● WHAT TO PRODUCE: The answer must repeat every record exactly, with no pictures in it.
[EXTRACTED MATERIAL]
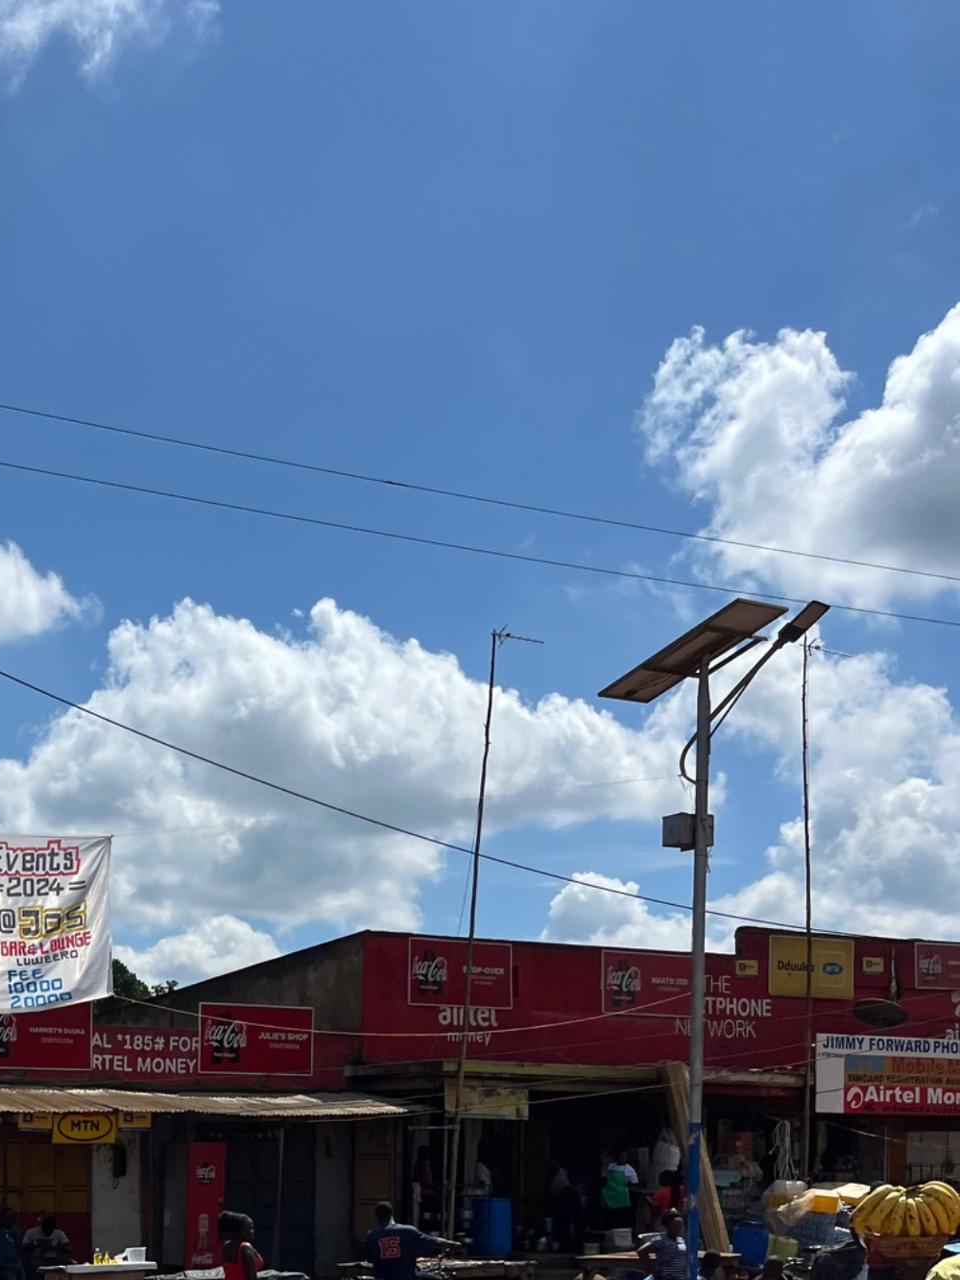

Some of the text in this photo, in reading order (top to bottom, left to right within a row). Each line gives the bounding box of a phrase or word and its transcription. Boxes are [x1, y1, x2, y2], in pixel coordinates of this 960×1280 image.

[7, 877, 64, 897] 2024
[703, 996, 772, 1017] TPHONE
[674, 1017, 758, 1040] NEWORK
[823, 1035, 960, 1054] JIMMY FORWARD PHO
[137, 1057, 197, 1074] MONEY
[864, 1085, 921, 1104] Airtel
[70, 1119, 100, 1131] MTN
[/EXTRACTED MATERIAL]
● TASK RESPONSE:
Some of the text in this photo, in reading order (top to bottom, left to right within a row). Each line gives the bounding box of a phrase or word and its transcription. Boxes are [x1, y1, x2, y2], in pixel coordinates of this 960×1280 image.

[7, 877, 64, 897] 2024
[703, 996, 772, 1017] TPHONE
[674, 1017, 758, 1040] NEWORK
[823, 1035, 960, 1054] JIMMY FORWARD PHO
[137, 1057, 197, 1074] MONEY
[864, 1085, 921, 1104] Airtel
[70, 1119, 100, 1131] MTN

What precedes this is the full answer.